Entre a saúde e o preconceito: o problema da obesidade e do sobrepeso no Brasil
Enviada em 27/10/2020
A trama do filme “Sierra Burgess é uma Loser”, lançado em 2018, aborda um romance por engano, na qual um atleta pensa estar sendo correspondido virtualmente por uma garota popular quando, na verdade, trata-se de uma jovem nerd que está acima do peso e, por isso, tenta esconder sua real identidade. Não obstante, esse cenário marcado pelo preconceito caracteriza-se como uma realidade intrínseca à sociedade brasileira, que não dispõe de ações afirmativas eficientes para tal problemática. Dessa forma, convém analisar os fatores e efeitos referentes à obesidade e sobrepeso no País.

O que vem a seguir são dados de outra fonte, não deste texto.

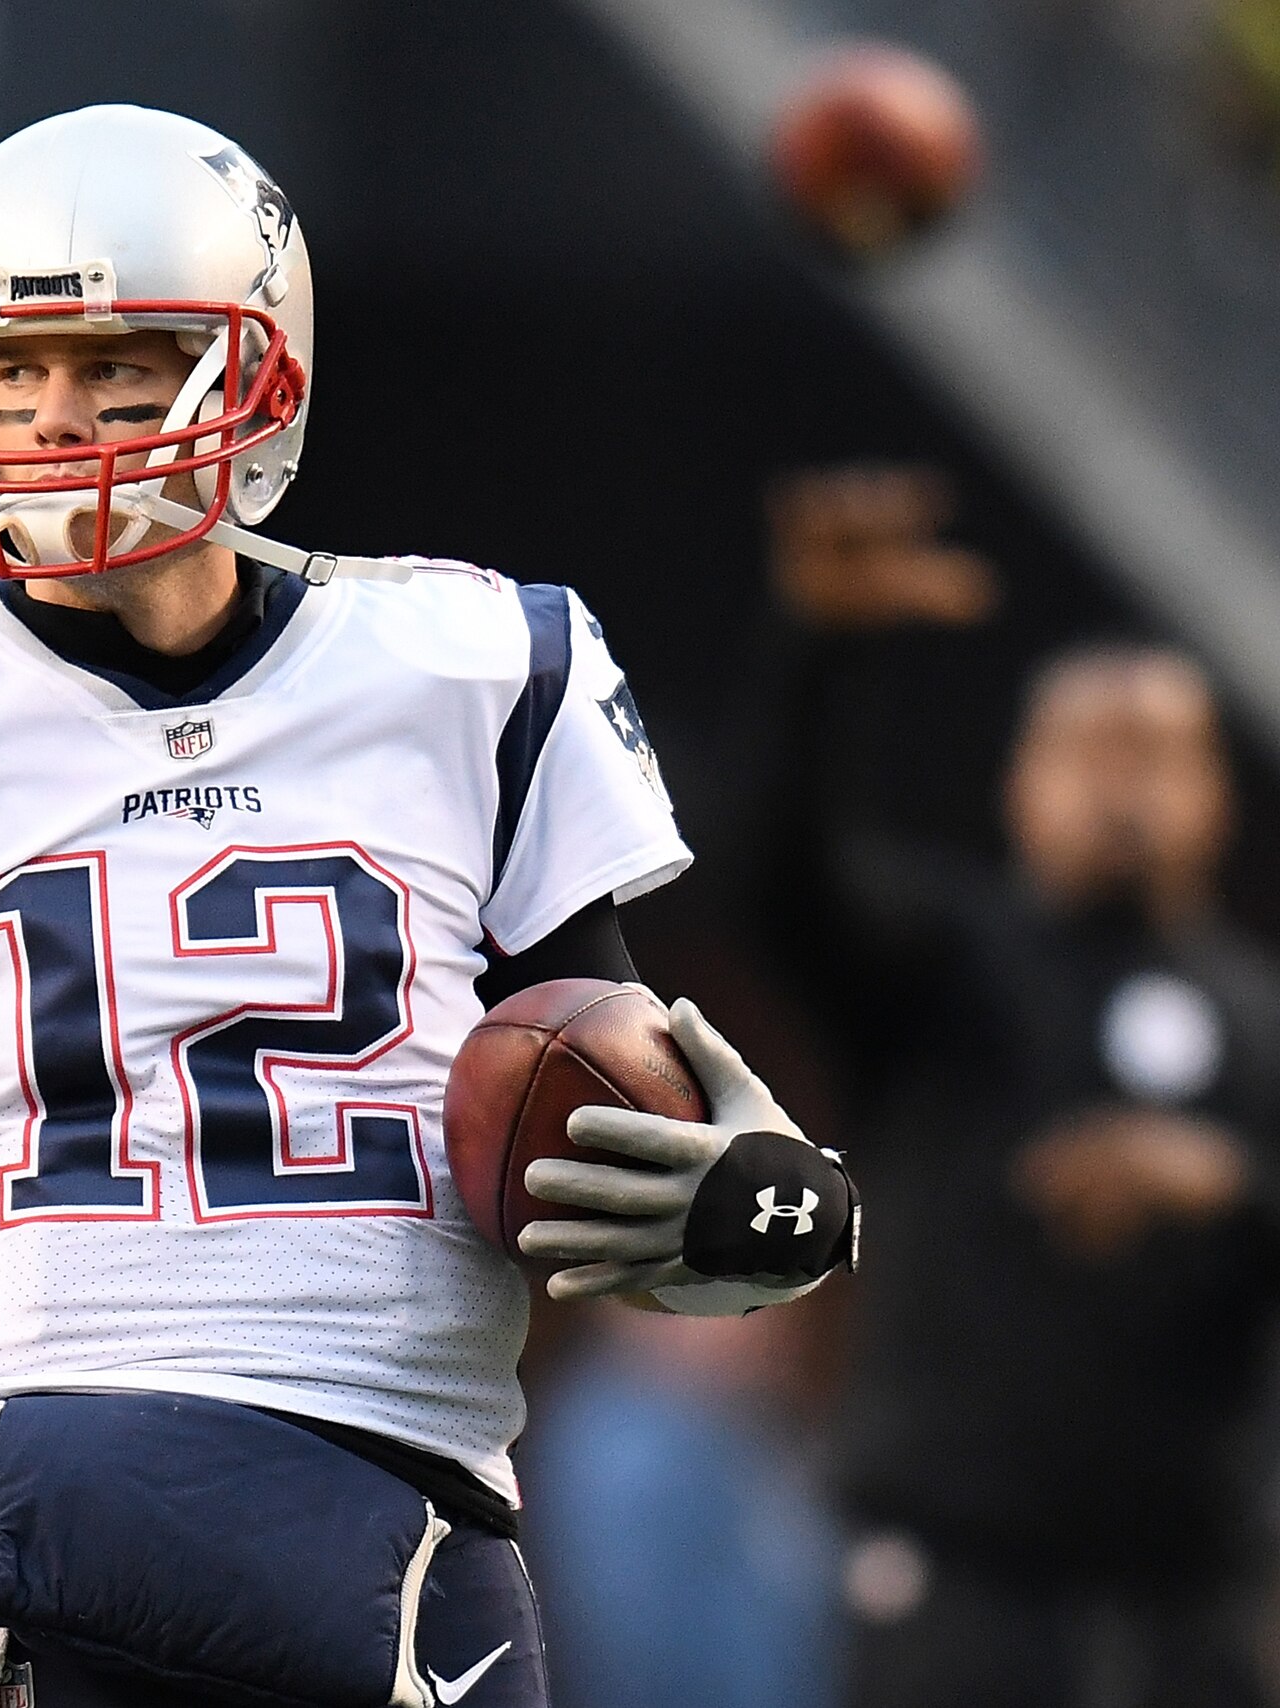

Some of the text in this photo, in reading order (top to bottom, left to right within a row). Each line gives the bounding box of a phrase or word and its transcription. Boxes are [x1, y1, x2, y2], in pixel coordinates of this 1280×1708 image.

É importante destacar, à princípio, as fontes socioeconômicas que influenciam diretamente no mau hábito alimentar. De acordo com dados divulgados pelo Ministério da Saúde, o sobrepeso atinge em torno de 54% dos brasileiros, o que reflete um quadro preocupante, já que mais da metade da população convive sob essa condição. Desse modo, verifica-se o estresse rotineiro, a ausência da prática de exercícios, a preferência pela alimentação prática, como também a persuasão midiática e a carestia de alimentos saudáveis como os principais impulsionadores do excesso de peso e, consequente, predisposição à obesidade.

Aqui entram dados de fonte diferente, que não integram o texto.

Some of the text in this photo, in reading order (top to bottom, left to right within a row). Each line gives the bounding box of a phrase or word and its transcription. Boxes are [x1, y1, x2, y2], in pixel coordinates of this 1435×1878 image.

Vale ressaltar, ainda, os impactos ligados ao consumo alimentício inconsciente. Segundo o sociólogo Émile Durkheim, o fato social consiste numa série de manifestações sociais que transcendem o indivíduo e exercem o controle sobre o mesmo. Nesse viés, o caráter intimidador das piadas gordofóbicas representa um típico exemplo desse objeto de estudo sociológico, uma vez que estimula o isolamento, os transtornos alimentares e mentais, além da busca indiscriminada por dietas e remédios milagrosos para o rápido emagrecimento como uma tentativa para se encaixar nos padrões impostos. Dessa maneira, avalia-se um panorama intolerante que urge por resoluções efetivas.